Hicieron lo que les había dicho. Michael cruzó las piernas por debajo del cuerpo y esperó con gran expectación. Las cosas como esa eran raras, pensó, aunque no tanto, en realidad; había pasado media vida dentro del Sueño y se había acostumbrado a la aparición de personajes extraños como ese. La mayoría de las veces resultaban inofensivos, pero reflexionó que, si habían llegado hasta la Senda, esa mujer podía estar relacionada con Kaine, lo cual era sinónimo de problemas.
La mujer bajó la vista hacia ellos, y sus ojos eran el único rasgo en ella que no parecía centenario. Tenían una mirada penetrante y luminosa, pese a que el resto de su apariencia era ajada y maltrecha. Tenía la piel amarillenta y arrugada; formaba colgajos pegada a sus frágiles huesos. El pelo, ralo y canoso era escaso. Sus viejas manos reposaban sobre el regazo, como raíces arbóreas llenas de nudos y retorcidas formando una maraña.
—¿Dónde estamos? —preguntó Sarah—. ¿Y quién es usted?
La anciana enfocó la vista.
—¿Preguntas quién soy? ¿Que dónde estás? ¿Que qué es este lugar, qué es esto, para qué y cómo? ¿Que de dónde venimos y adónde vamos? Se te escapan las preguntas de la boca, muchacha. Pero las respuestas se ocultan entre las nubes.

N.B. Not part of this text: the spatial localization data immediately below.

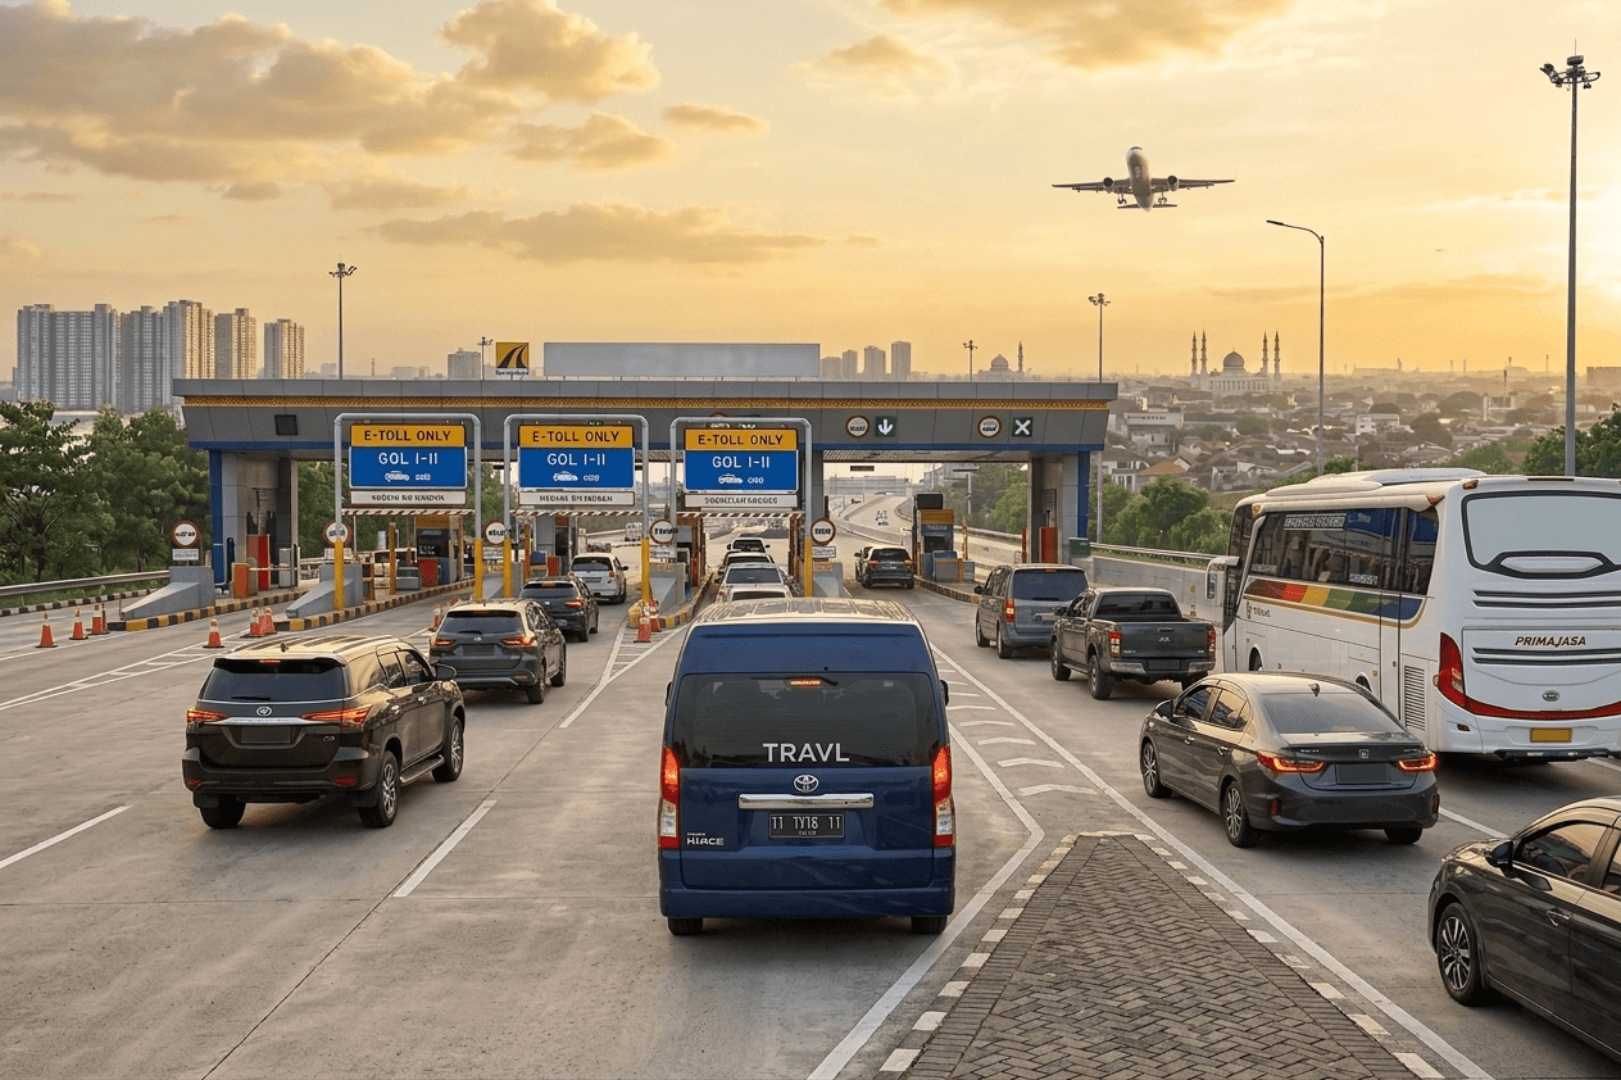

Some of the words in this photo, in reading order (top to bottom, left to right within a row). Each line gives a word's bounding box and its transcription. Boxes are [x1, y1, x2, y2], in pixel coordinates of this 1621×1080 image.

[364, 430, 411, 441] E-TOLL
[416, 430, 451, 441] ONLY
[532, 431, 580, 442] E-TOLL
[585, 431, 620, 442] ONLY
[698, 434, 744, 445] E-TOLL
[750, 434, 784, 445] ONLY
[378, 452, 409, 465] GOL
[547, 453, 577, 466] GOL
[712, 456, 742, 469] GOL
[1514, 636, 1586, 648] PRIMAJASA
[762, 742, 850, 763] TRAVL
[686, 837, 725, 846] HIACE
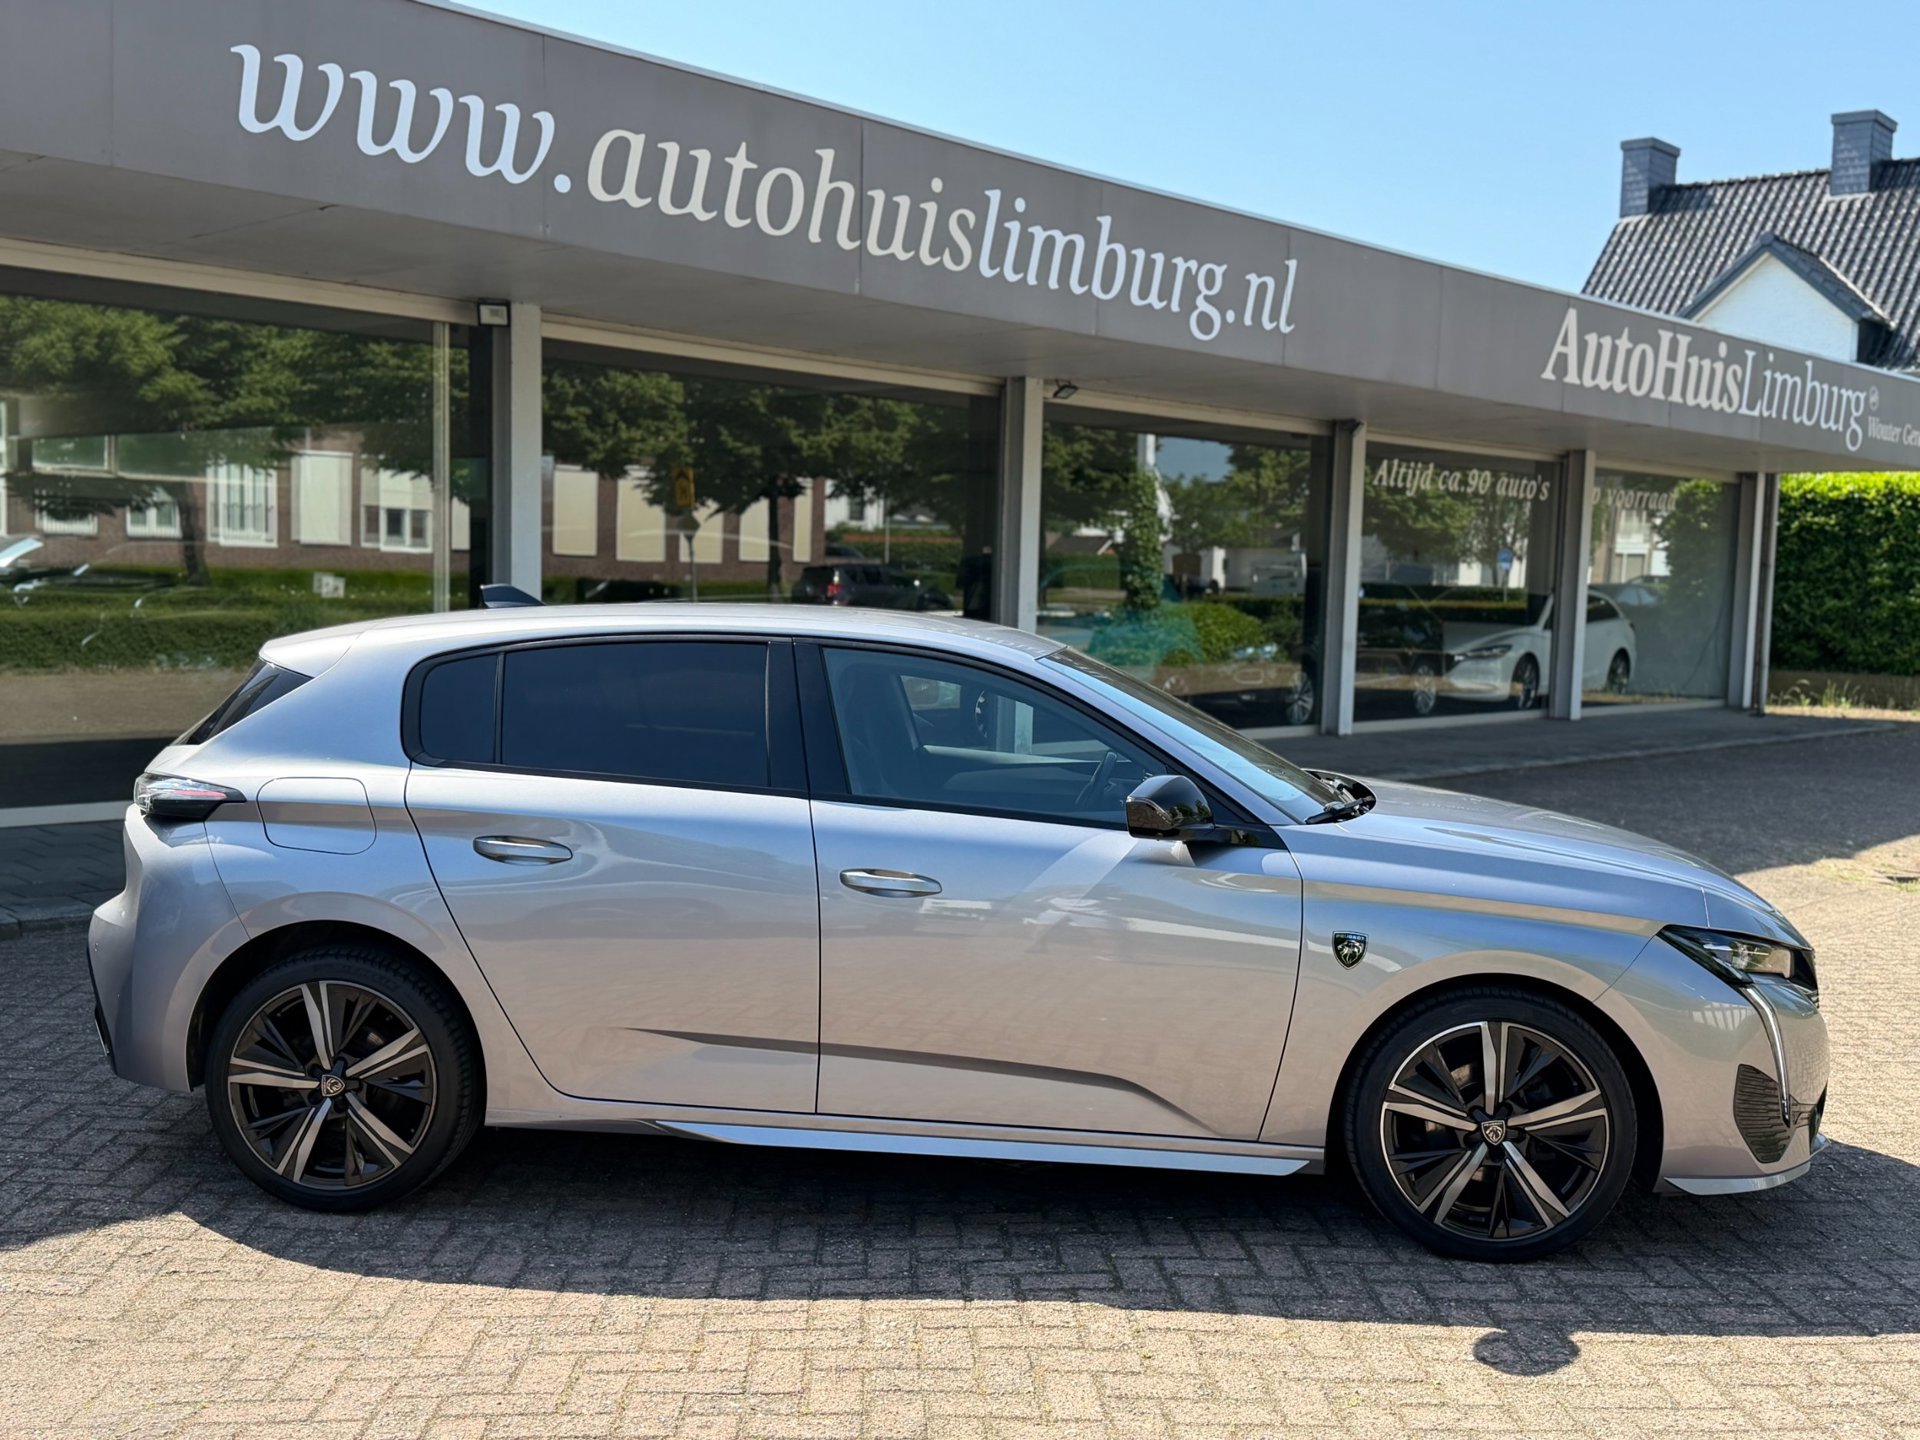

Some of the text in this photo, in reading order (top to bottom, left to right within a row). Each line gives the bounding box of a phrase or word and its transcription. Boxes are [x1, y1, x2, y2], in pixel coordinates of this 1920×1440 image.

[230, 44, 1297, 340] www.autohuislimburg.nl
[1540, 307, 1867, 452] AutoHuisLimburg
[1373, 458, 1434, 497] Altijd
[1438, 468, 1491, 495] ca.90
[1496, 474, 1550, 501] auto's

La mujer iba mirando de un lado a otro mientras hablaba, y fue moviendo los ojos con parsimonia hasta enfocarlos en un punto muy lejano. Michael miró a Bryson, quien enarcó las cejas como advirtiéndole de que mantuviera el pico cerrado, para variar.
—Tú —espetó la anciana. Levantó una de las manos del regazo, la agitó levemente, y con un dedo doblado señaló a Michael—. Atrévete a hacer un comentario ingenioso y será tu fin.
Su expresión se había endurecido, fruncía el entrecejo, y en ese preciso momento Michael supo que no le convenía enfadar a la mujer. No le habría extrañado que se transformase en dragón y se los comiera a todos. Al fin y al cabo, estaban en el Sueño.
—¿Tu cerebro ha procesado mis palabras con claridad? —preguntó, y la piel del contorno de los ojos se le arrugó aún más al entrecerrarlos—. ¿Te ha quedado claro?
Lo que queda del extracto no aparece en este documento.